PPE requires the 32-bit version of libibverbs. The default behavior of the mlnxofed_ib_install postscript used to install the Mellanox OFED Infiniband (IB) driver is to remove any of the old IB related packages when installing. To bypass this behavior, set the variable mlnxofed_options=--force when running the mlnxofed_ib_install script.

Install Multiple Versions

Beginning with PE RTE 1.2.0.10, the packages are designed to allow for multiple versions of PE RTE to coexist on the same machine.

The default behavior of xCAT software kits is to only allow one version of a kitcomponent to be associated with an xCAT osimage. When using addkitcomp to add a newer version of a kit component, xCAT will first remove the old version of the kit component before adding the new one.

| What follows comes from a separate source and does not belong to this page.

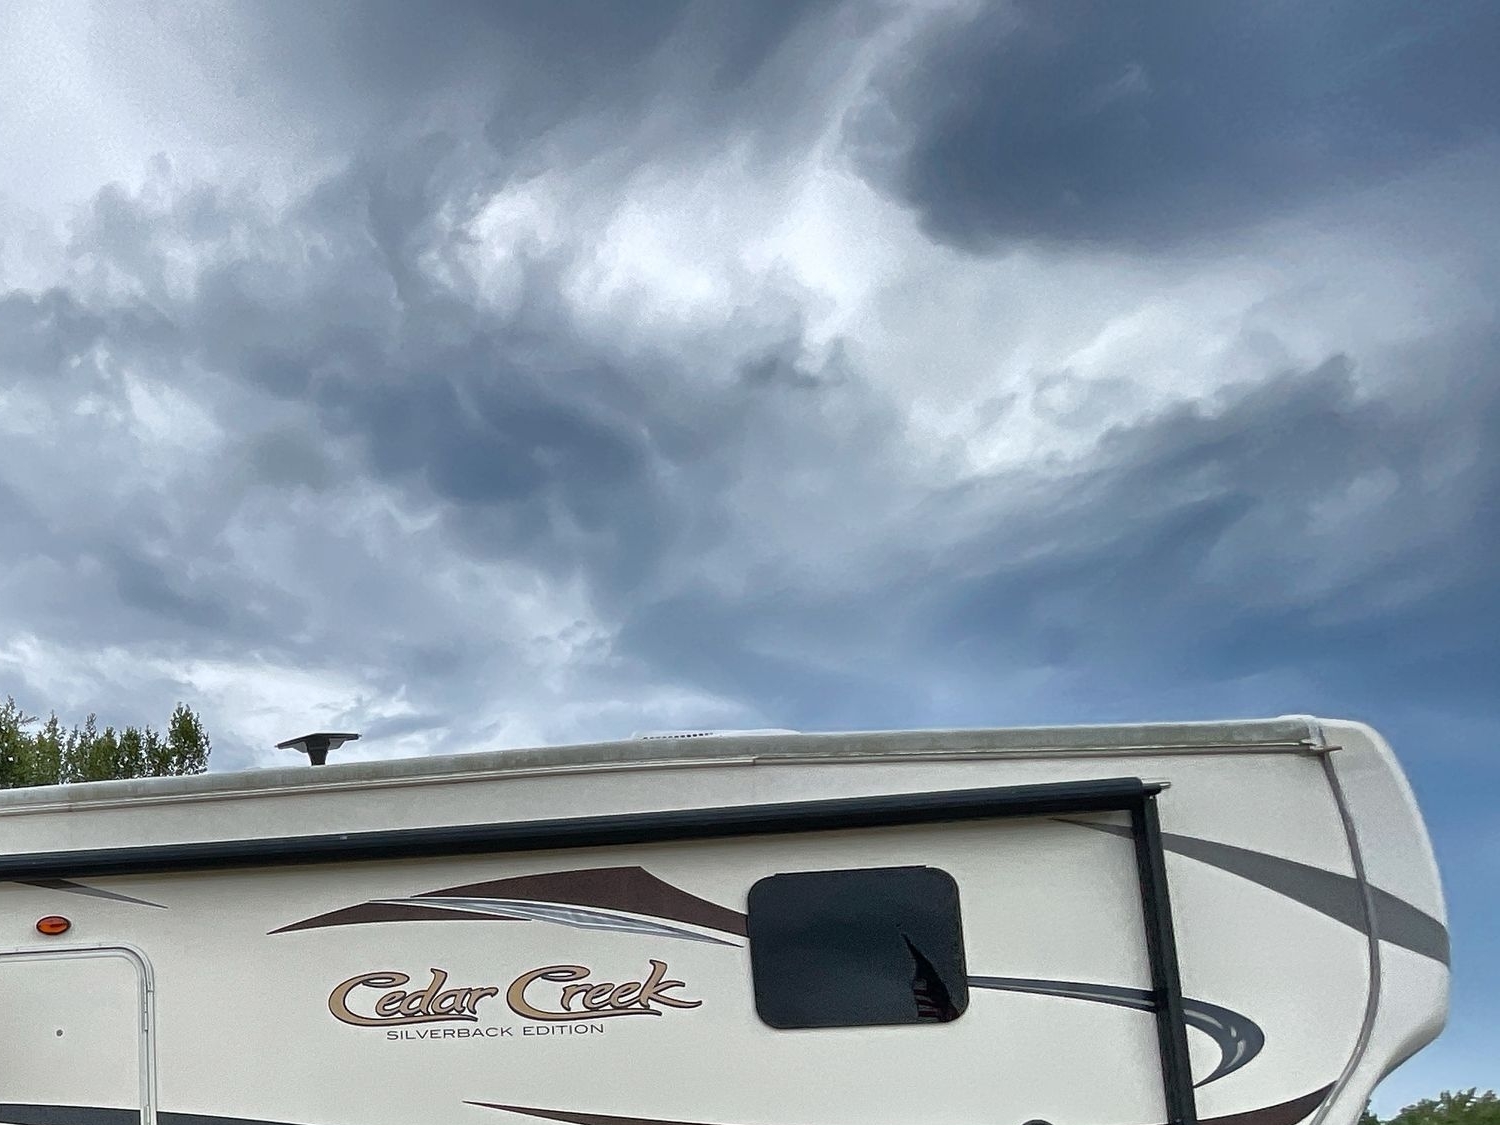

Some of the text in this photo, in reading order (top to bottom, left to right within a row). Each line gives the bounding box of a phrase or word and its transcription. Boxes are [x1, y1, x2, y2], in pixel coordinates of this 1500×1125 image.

[328, 959, 702, 1027] Cedar Creek
[386, 1023, 604, 1041] SILVERBACK EDITION

To add multiple versions of PE RTE kit components to the same osimage, use the -n | --noupgrade option. For example, to add PE RTE 1.3.0.1 and PE RTE 1.3.0.2 to the compute osimage:

addkitcomp -i compute pperte_compute-1.3.0.1-0-rhels-6-x86_64
addkitcomp -i compute -n pperte_compute-1.3.0.2-0-rhels-6-x86_64

POE hostlist

When running parallel jobs, POE requires the user pass it a host list file. xCAT can help to create this hostlist file by running the nodels command against the desired node range and redirecting to a file.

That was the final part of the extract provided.